**Task to complete:** Except for the pictures, retype the records that follow exactly.

**Data supplied:**

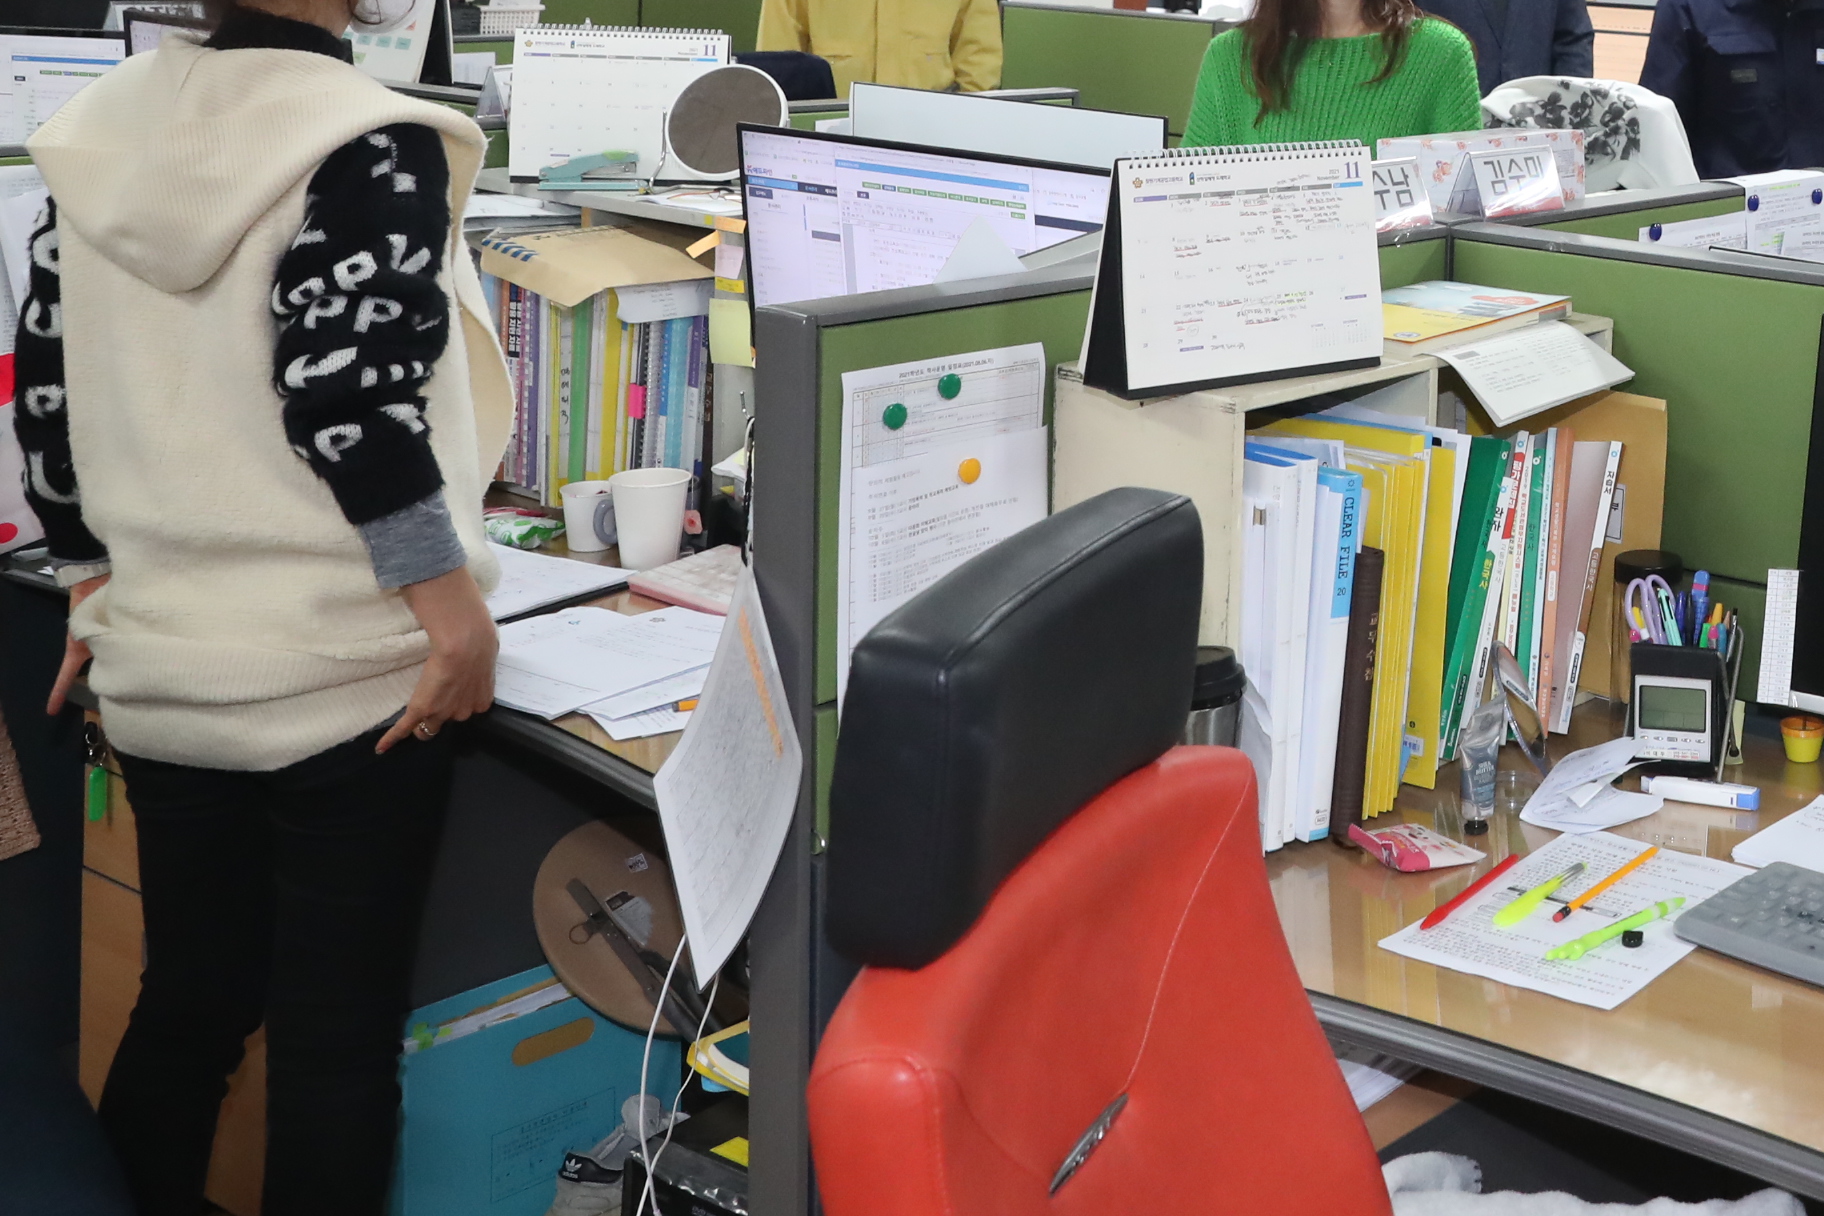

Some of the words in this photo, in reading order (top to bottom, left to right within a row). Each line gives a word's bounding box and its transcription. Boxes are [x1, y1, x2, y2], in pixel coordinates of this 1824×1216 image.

[704, 44, 717, 57] 11
[1344, 161, 1362, 179] 11
[1484, 155, 1545, 196] 김수미
[1603, 471, 1615, 495] 자습서
[1341, 496, 1355, 539] CLEAR
[1492, 507, 1504, 532] 완자
[1337, 546, 1350, 580] FILE
[1479, 559, 1493, 590] 한국사
[1586, 551, 1600, 592] 고등한국사
[1337, 587, 1347, 597] 20
[1364, 612, 1379, 681] 교무수첩

**Your solution:**
Some of the words in this photo, in reading order (top to bottom, left to right within a row). Each line gives a word's bounding box and its transcription. Boxes are [x1, y1, x2, y2], in pixel coordinates of this 1824×1216 image.

[704, 44, 717, 57] 11
[1344, 161, 1362, 179] 11
[1484, 155, 1545, 196] 김수미
[1603, 471, 1615, 495] 자습서
[1341, 496, 1355, 539] CLEAR
[1492, 507, 1504, 532] 완자
[1337, 546, 1350, 580] FILE
[1479, 559, 1493, 590] 한국사
[1586, 551, 1600, 592] 고등한국사
[1337, 587, 1347, 597] 20
[1364, 612, 1379, 681] 교무수첩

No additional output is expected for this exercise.